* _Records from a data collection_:
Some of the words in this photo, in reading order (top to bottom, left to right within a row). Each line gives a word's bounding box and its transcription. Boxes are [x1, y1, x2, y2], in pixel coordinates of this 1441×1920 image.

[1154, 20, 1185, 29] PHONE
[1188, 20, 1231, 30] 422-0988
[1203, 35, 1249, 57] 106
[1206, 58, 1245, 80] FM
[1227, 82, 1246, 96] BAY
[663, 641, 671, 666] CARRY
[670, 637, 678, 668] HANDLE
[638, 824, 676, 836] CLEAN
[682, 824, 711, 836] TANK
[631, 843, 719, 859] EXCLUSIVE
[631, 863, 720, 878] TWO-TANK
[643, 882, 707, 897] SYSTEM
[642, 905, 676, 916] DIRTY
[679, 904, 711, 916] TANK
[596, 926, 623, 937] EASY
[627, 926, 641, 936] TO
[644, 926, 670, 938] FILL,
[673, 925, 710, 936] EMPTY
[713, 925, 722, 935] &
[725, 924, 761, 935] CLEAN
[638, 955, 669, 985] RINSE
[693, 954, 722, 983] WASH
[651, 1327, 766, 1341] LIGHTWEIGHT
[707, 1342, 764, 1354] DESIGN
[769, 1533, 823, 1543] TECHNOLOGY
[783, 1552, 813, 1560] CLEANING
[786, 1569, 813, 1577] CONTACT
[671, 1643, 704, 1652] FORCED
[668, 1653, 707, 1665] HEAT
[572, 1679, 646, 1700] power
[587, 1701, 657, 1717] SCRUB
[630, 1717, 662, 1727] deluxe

* _ACTION ITEM_: Nothing in the entries should be skipped. Output them all exactly.

* _RESPONSE_:
Some of the words in this photo, in reading order (top to bottom, left to right within a row). Each line gives a word's bounding box and its transcription. Boxes are [x1, y1, x2, y2], in pixel coordinates of this 1441×1920 image.

[1154, 20, 1185, 29] PHONE
[1188, 20, 1231, 30] 422-0988
[1203, 35, 1249, 57] 106
[1206, 58, 1245, 80] FM
[1227, 82, 1246, 96] BAY
[663, 641, 671, 666] CARRY
[670, 637, 678, 668] HANDLE
[638, 824, 676, 836] CLEAN
[682, 824, 711, 836] TANK
[631, 843, 719, 859] EXCLUSIVE
[631, 863, 720, 878] TWO-TANK
[643, 882, 707, 897] SYSTEM
[642, 905, 676, 916] DIRTY
[679, 904, 711, 916] TANK
[596, 926, 623, 937] EASY
[627, 926, 641, 936] TO
[644, 926, 670, 938] FILL,
[673, 925, 710, 936] EMPTY
[713, 925, 722, 935] &
[725, 924, 761, 935] CLEAN
[638, 955, 669, 985] RINSE
[693, 954, 722, 983] WASH
[651, 1327, 766, 1341] LIGHTWEIGHT
[707, 1342, 764, 1354] DESIGN
[769, 1533, 823, 1543] TECHNOLOGY
[783, 1552, 813, 1560] CLEANING
[786, 1569, 813, 1577] CONTACT
[671, 1643, 704, 1652] FORCED
[668, 1653, 707, 1665] HEAT
[572, 1679, 646, 1700] power
[587, 1701, 657, 1717] SCRUB
[630, 1717, 662, 1727] deluxe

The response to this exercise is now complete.